**Task objective**
Set the records down again in full, exactly as they are, apart from the images.

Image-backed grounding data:
== Segment start ==
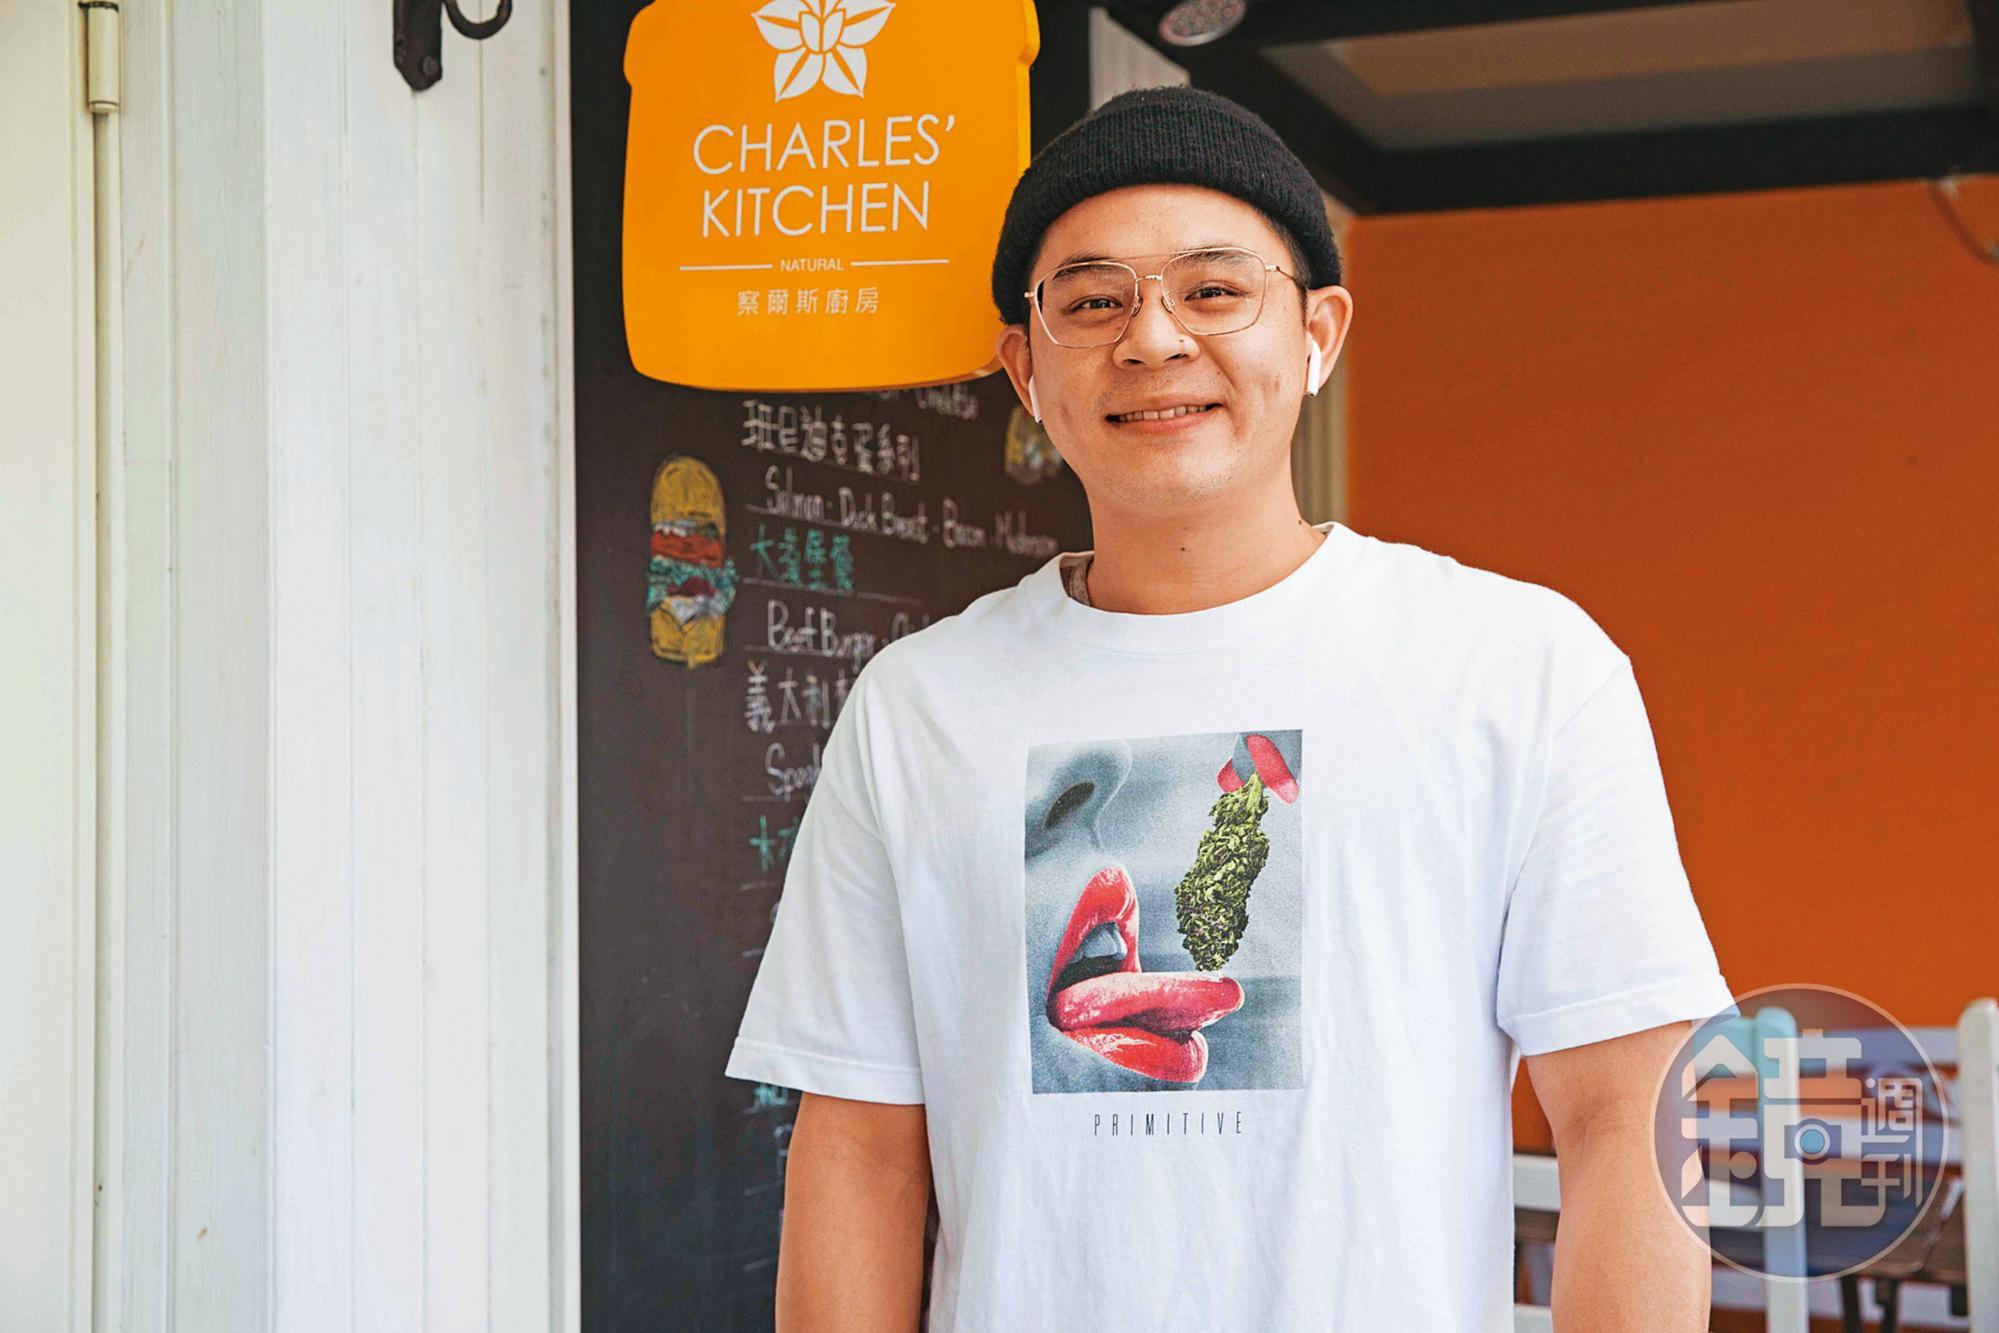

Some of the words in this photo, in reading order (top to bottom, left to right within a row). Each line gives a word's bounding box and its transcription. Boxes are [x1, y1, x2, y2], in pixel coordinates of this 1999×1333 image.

[702, 181, 929, 238] KITCHEN
[780, 258, 844, 272] NATURAL
[737, 287, 880, 317] 察爾斯廚房
[1094, 1111, 1243, 1137] PRIMITIVE
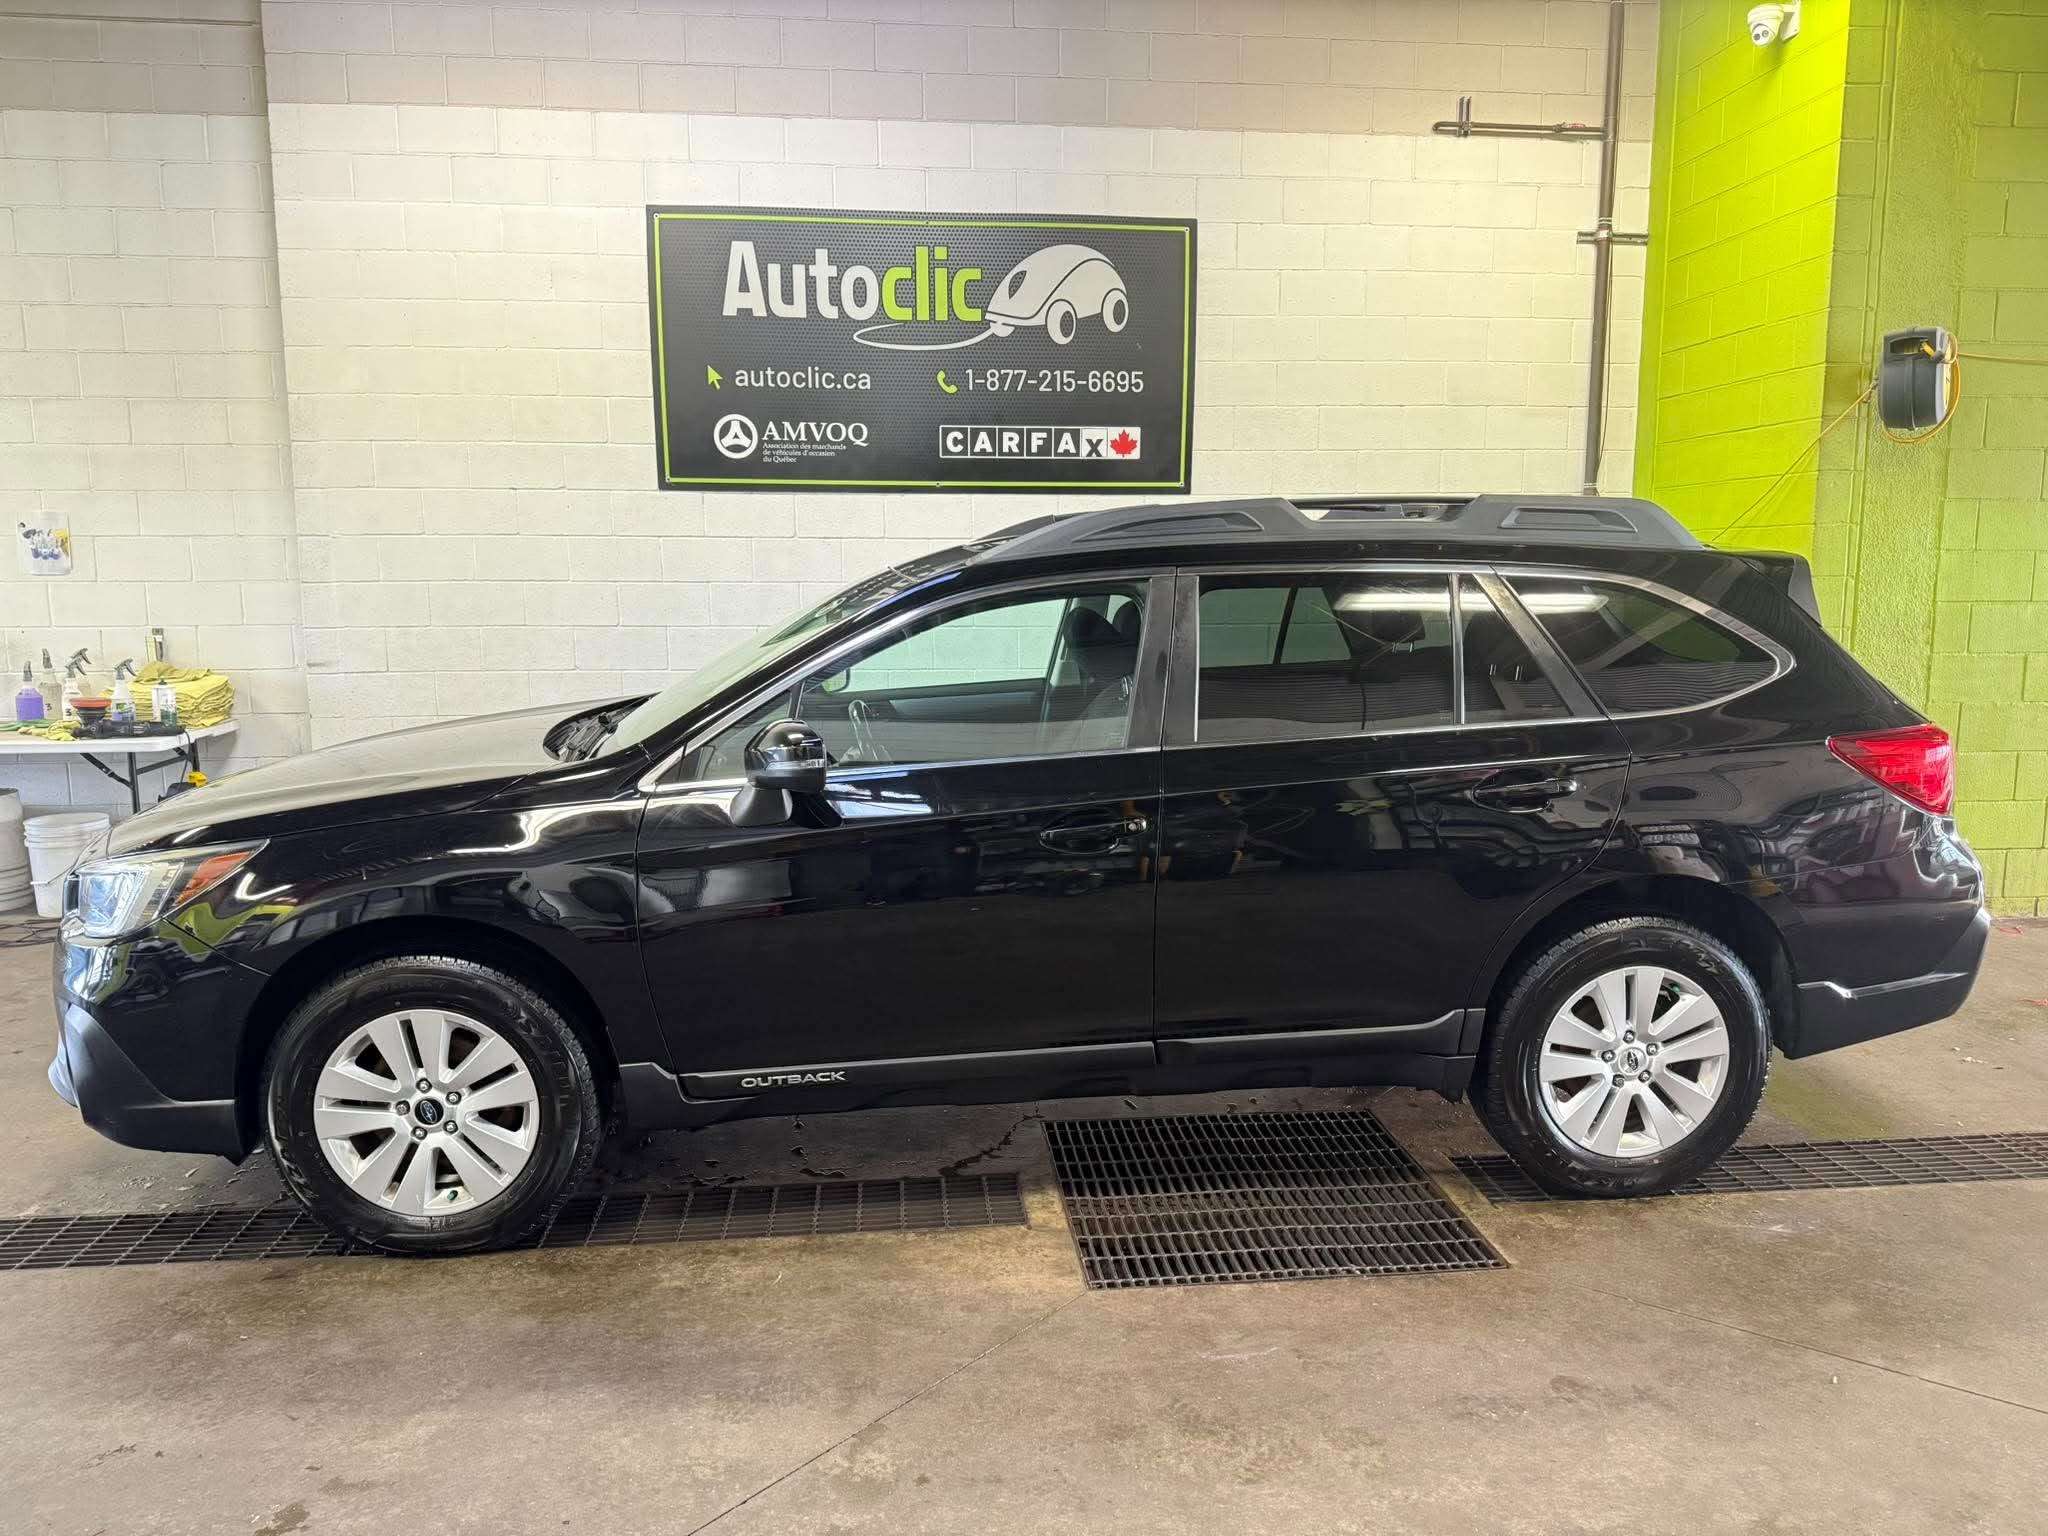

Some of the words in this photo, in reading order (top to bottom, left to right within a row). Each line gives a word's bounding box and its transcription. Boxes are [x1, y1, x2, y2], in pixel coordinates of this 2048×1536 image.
== Segment end ==
**Exercise solution**
Some of the words in this photo, in reading order (top to bottom, left to right within a row). Each line gives a word's bounding box and its transcription. Boxes are [x1, y1, x2, y2], in pixel coordinates of this 1999×1333 image.

[702, 181, 929, 238] KITCHEN
[780, 258, 844, 272] NATURAL
[737, 287, 880, 317] 察爾斯廚房
[1094, 1111, 1243, 1137] PRIMITIVE

Some of the words in this photo, in reading order (top to bottom, left to right within a row). Each line gives a word's bounding box and its transcription. Boxes are [x1, y1, x2, y2], in pixel coordinates of this 2048×1536 image.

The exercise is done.